Irrespective of its origin (i.e. AF-db or produced on demand), any model generated by AF2 might contain low-confident regions, as defined by the per-residue confidence score (pLDDT = [0,100]). Regions with pLDDT < 70 are tagged for revision in Memprot.GPCR-ModSim to ensure that long and unstructured regions do not interfere with the subsequent MD simulations. Thus, if the region corresponds to unstructured termini, these are simply removed, while unstructured loops are replaced by a polyalanine linker using MODELLER. The length of this linker is determined by the Euclidean distance between the corresponding termini of the removed region, at a ratio of one residue per two Å. The command-line version of PyModSim, available at the GitHub repository (https://github.com/GPCR-ModSim/), allows for more advanced editing options, such as modification of this ratio, the definition of the loop or termini sections to replace, or the topology, which by default assumes that the N-terminus is at the extracellular side (See Supplementary material 1).

The output of this module is offered as a downloadable bundled compressed file (model_output.tgz), containing the initial 3D model of the protein, the refined model, and a version of the latest aligned to the plane of the membrane (see Section 2.3), all of them as PDB files, together with the log file reporting the step-by-step output of the PyModSim protocol. In addition, the last 20 lines of this log file are provided on the progress window and dynamically updated, and the user can download it at any point, which is especially useful if the modelling process encountered any issue allowing the user to revise the input file and resubmit the failed job.

2.2 Importing a membrane protein structure

An alternative entry stage on Memprot.GPCR-ModSim is to upload an existing PDB structure of a membrane protein (Fig. 1). This can be just a single-chain protein or a multimer (typical of e.g., ion channels, GPCR oligomers, etc.). In the latter case, the user will be prompted to confirm the chain(s) that should be included in the setup of the MD simulation, indicating which transmembranal chains are used to orient the protein in the membrane (see Section 2.3). The input structure can additionally include non-protein elements (ligands, ions, structural waters, cholesterol molecules, etc.), which are recognized by the system and revised by the user, who shall specify which of these molecules should be included in the simulation and determine the class (i.e. water, ion or organic molecule) and formal charge, for further processing. Memprot.GPCR-ModSim includes a new FAQ section (https://memprot.gpcr-modsim.org/qa/) to advise novel users how to pre-process a PDB file prior uploading to Memprot.GPCR-ModSim, to fulfil the requirements of the GROMACS engine and minimize job failures.

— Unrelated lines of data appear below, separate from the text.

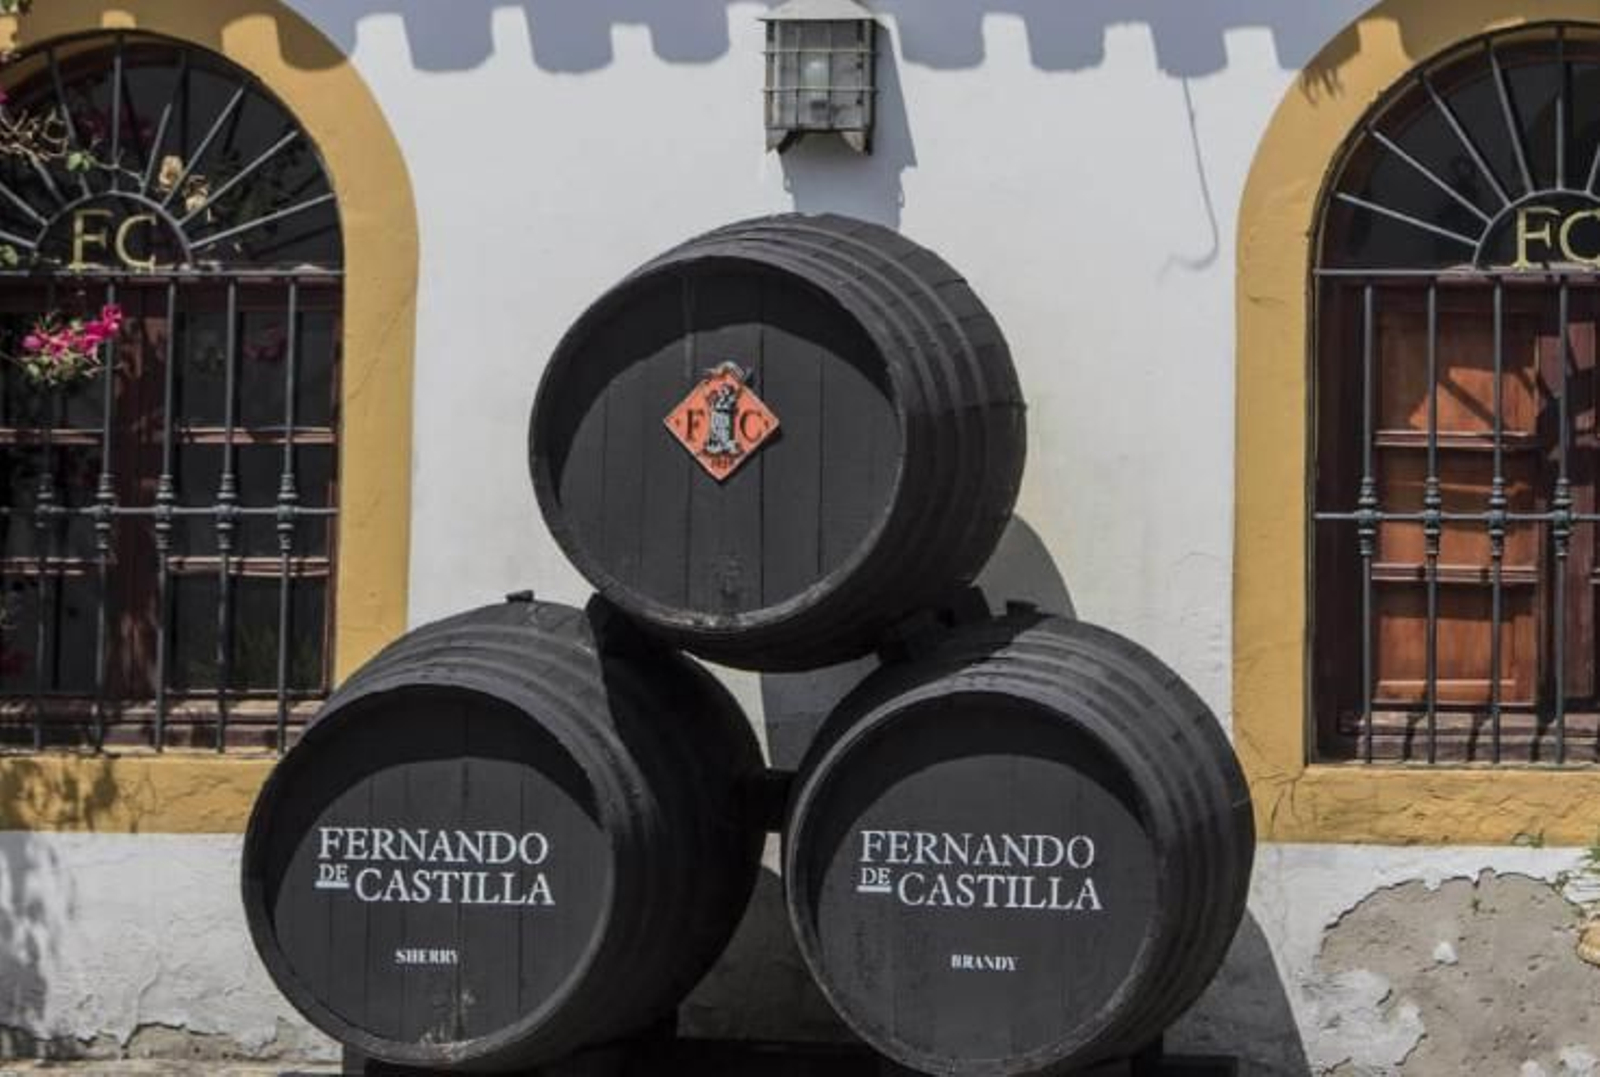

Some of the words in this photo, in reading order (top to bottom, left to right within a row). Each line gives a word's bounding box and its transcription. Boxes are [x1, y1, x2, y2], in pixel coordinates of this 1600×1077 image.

[69, 208, 157, 273] FC
[318, 827, 549, 864] FERNANDO
[859, 830, 1096, 869] FERNANDO
[318, 863, 349, 883] DE
[355, 868, 556, 905] CASTILLA
[860, 867, 891, 886] DE
[898, 872, 1103, 910] CASTILLA
[951, 954, 1018, 971] BRANDY
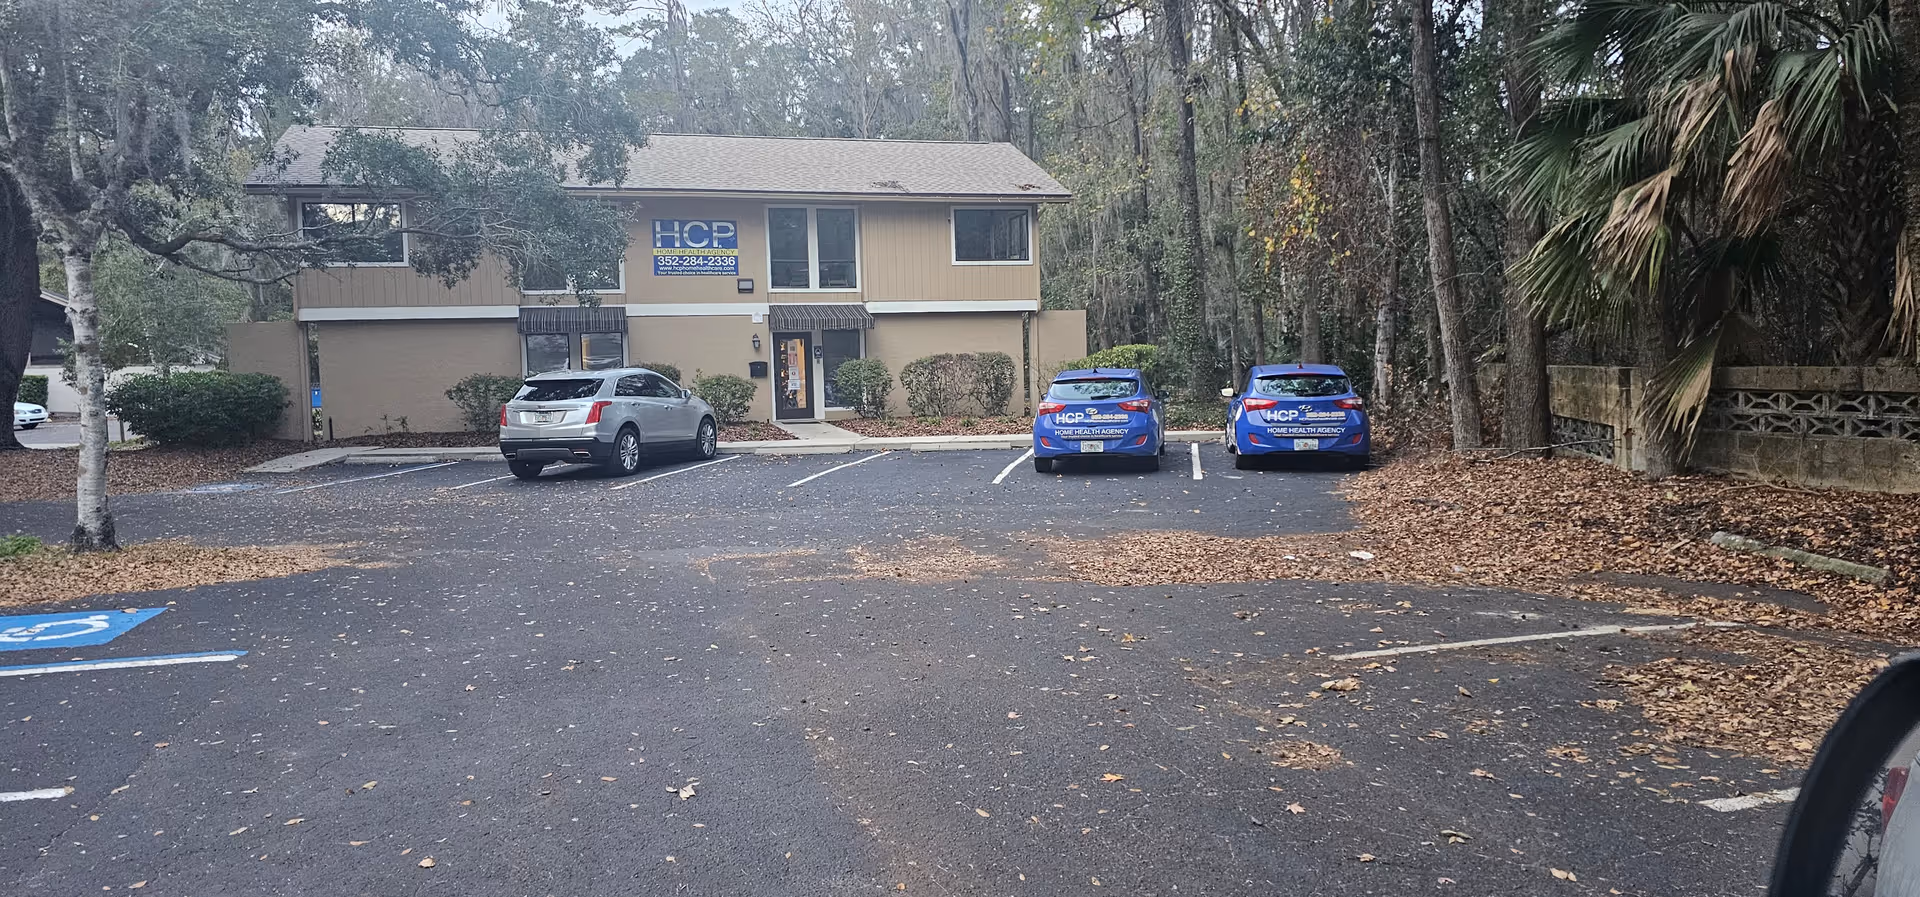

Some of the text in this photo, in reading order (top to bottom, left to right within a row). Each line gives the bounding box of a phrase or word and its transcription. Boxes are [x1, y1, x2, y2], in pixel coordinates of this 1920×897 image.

[655, 220, 735, 248] HCP
[657, 256, 736, 266] 352-284-2336
[1056, 412, 1084, 424] HCP
[1267, 410, 1299, 421] HCP
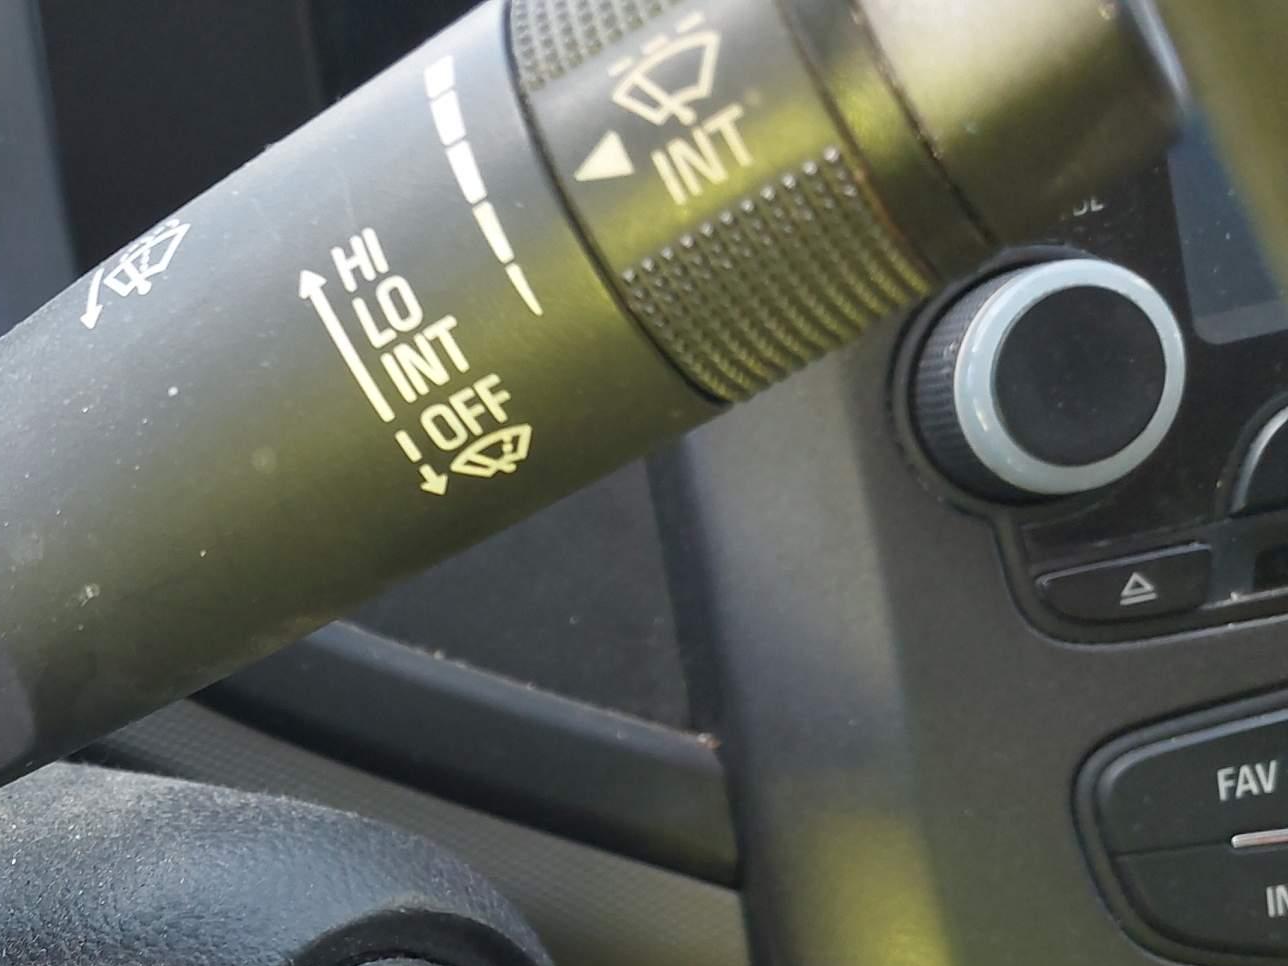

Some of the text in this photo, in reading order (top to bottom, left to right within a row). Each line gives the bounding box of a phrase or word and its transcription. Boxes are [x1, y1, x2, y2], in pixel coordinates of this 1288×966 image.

[650, 105, 754, 206] INT
[331, 228, 389, 292] HI
[352, 274, 423, 348] LO
[380, 314, 470, 404] INT
[420, 373, 512, 452] OFF
[1217, 760, 1278, 801] FAV

2.3 Membrane embedding and parameterization of non-protein elements

Both alternative entry points (sequence input described in Section 2.1 or provided protein structure indicated in Section 2.2) converge at this stage. The protein is oriented within a planar mammalian plasma membrane positioned on the horizontal axis with our local installation of the PPM algorithm. While the original PPM server only handles the transmembranal protein chain(s) that were defined by the user, our implementation stores and applies the translation matrix to any other molecule uploaded as part of the complex, that is, associated proteins or any non-protein element, as we illustrate in the Section 3.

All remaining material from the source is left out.